● Exercise details
Without the pictures, give the entries below again exactly as written.

(Dataset entries)
──────────
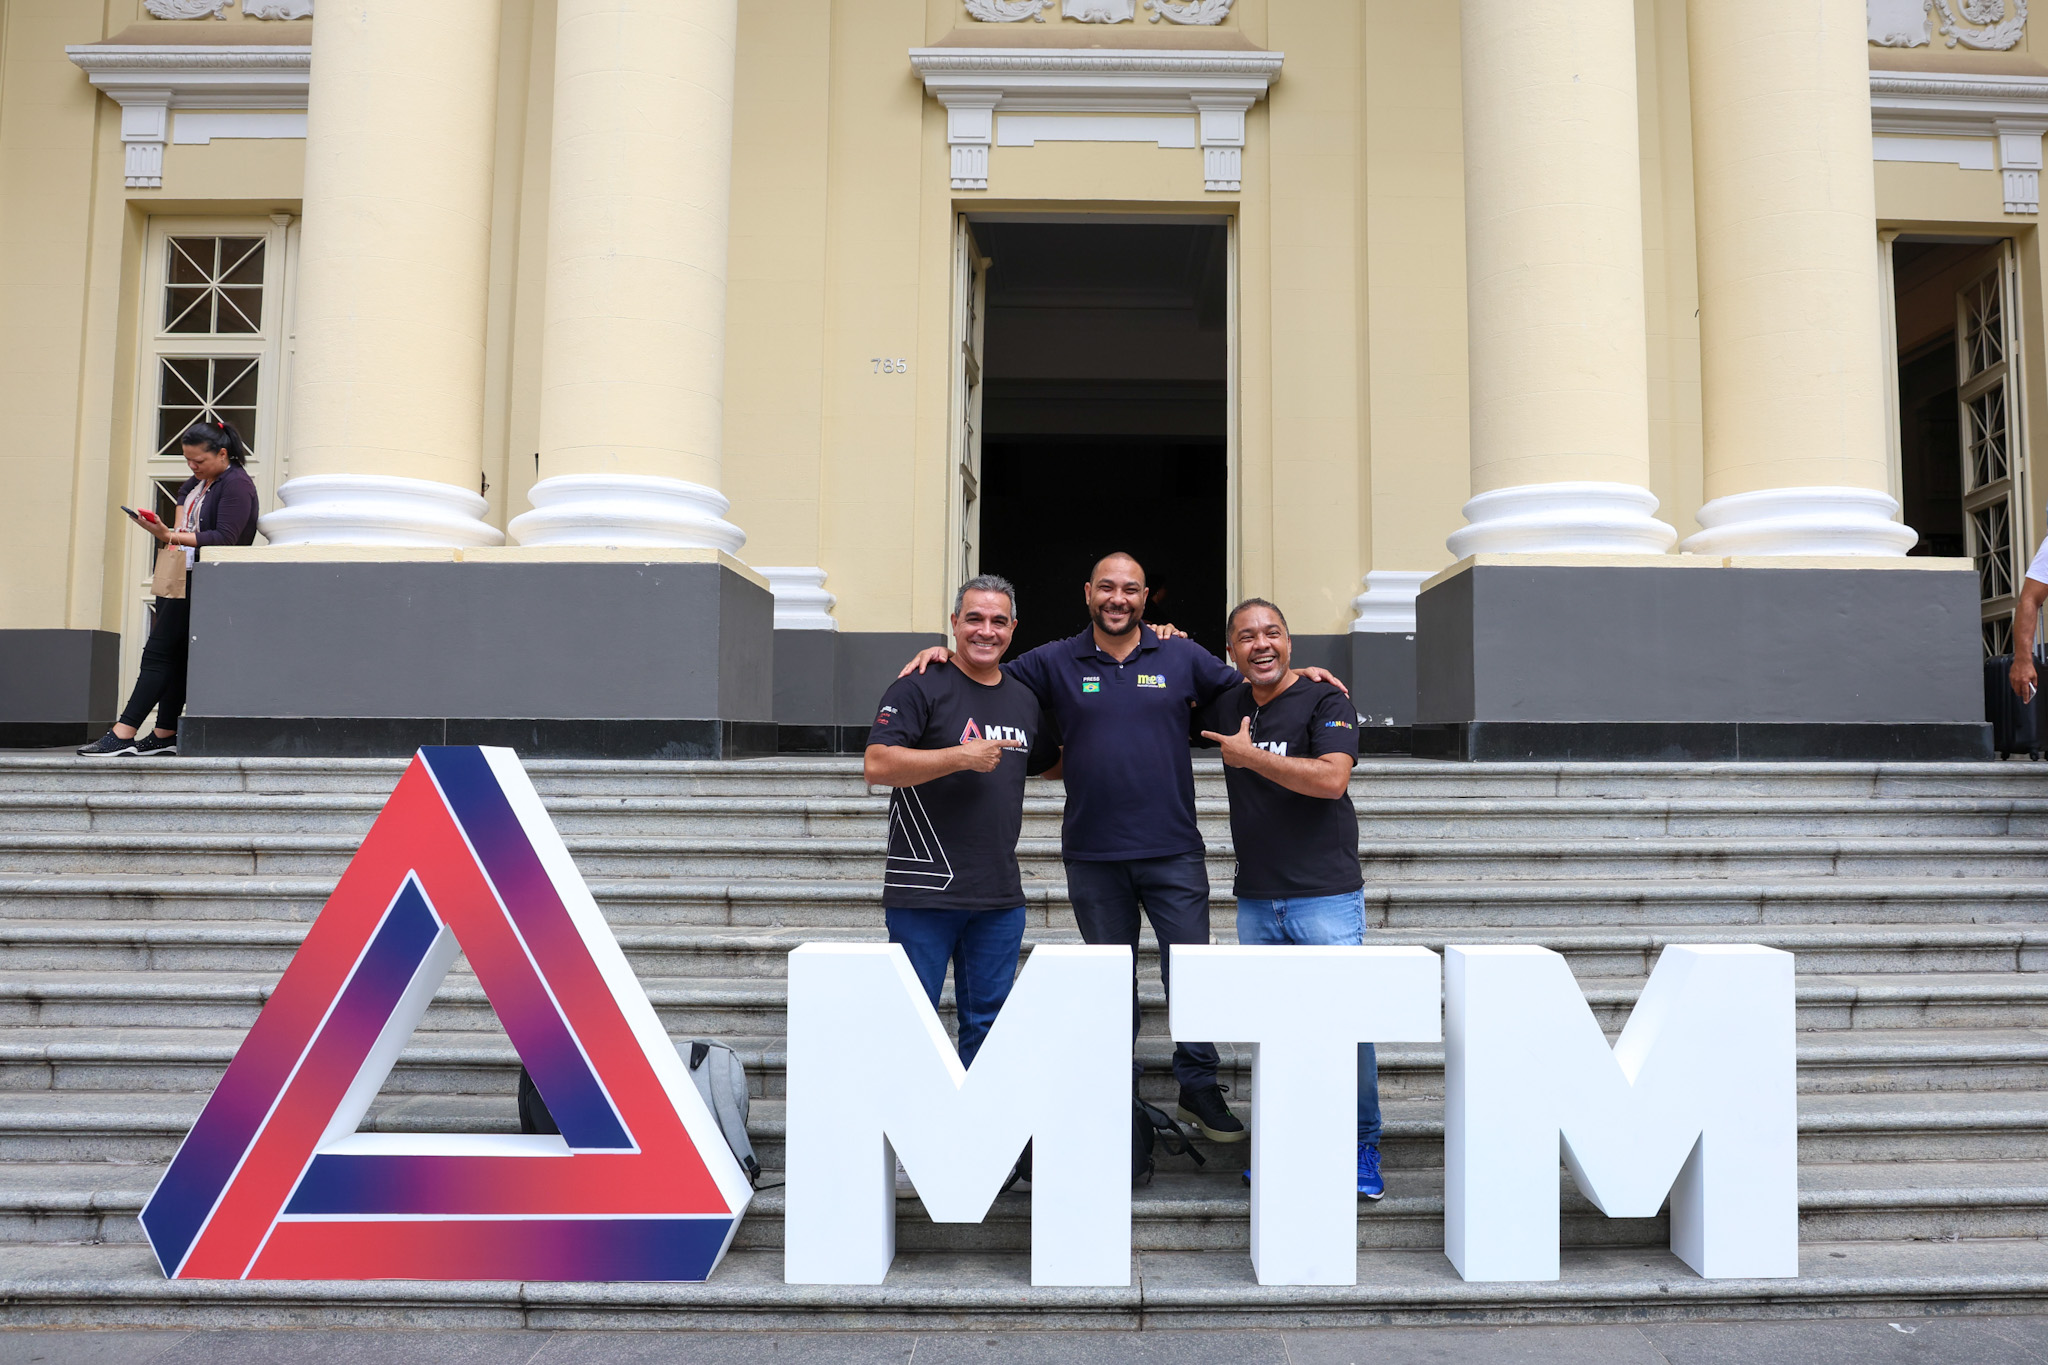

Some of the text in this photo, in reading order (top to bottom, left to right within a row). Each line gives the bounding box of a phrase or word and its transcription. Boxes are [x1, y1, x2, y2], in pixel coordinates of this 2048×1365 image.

[870, 358, 907, 374] 785
[984, 724, 1029, 747] MTM
[1252, 741, 1288, 757] TM
[785, 943, 1799, 1287] MTM
──────────
● Exercise answer
Some of the text in this photo, in reading order (top to bottom, left to right within a row). Each line gives the bounding box of a phrase or word and its transcription. Boxes are [x1, y1, x2, y2], in pixel coordinates of this 2048×1365 image.

[870, 358, 907, 374] 785
[984, 724, 1029, 747] MTM
[1252, 741, 1288, 757] TM
[785, 943, 1799, 1287] MTM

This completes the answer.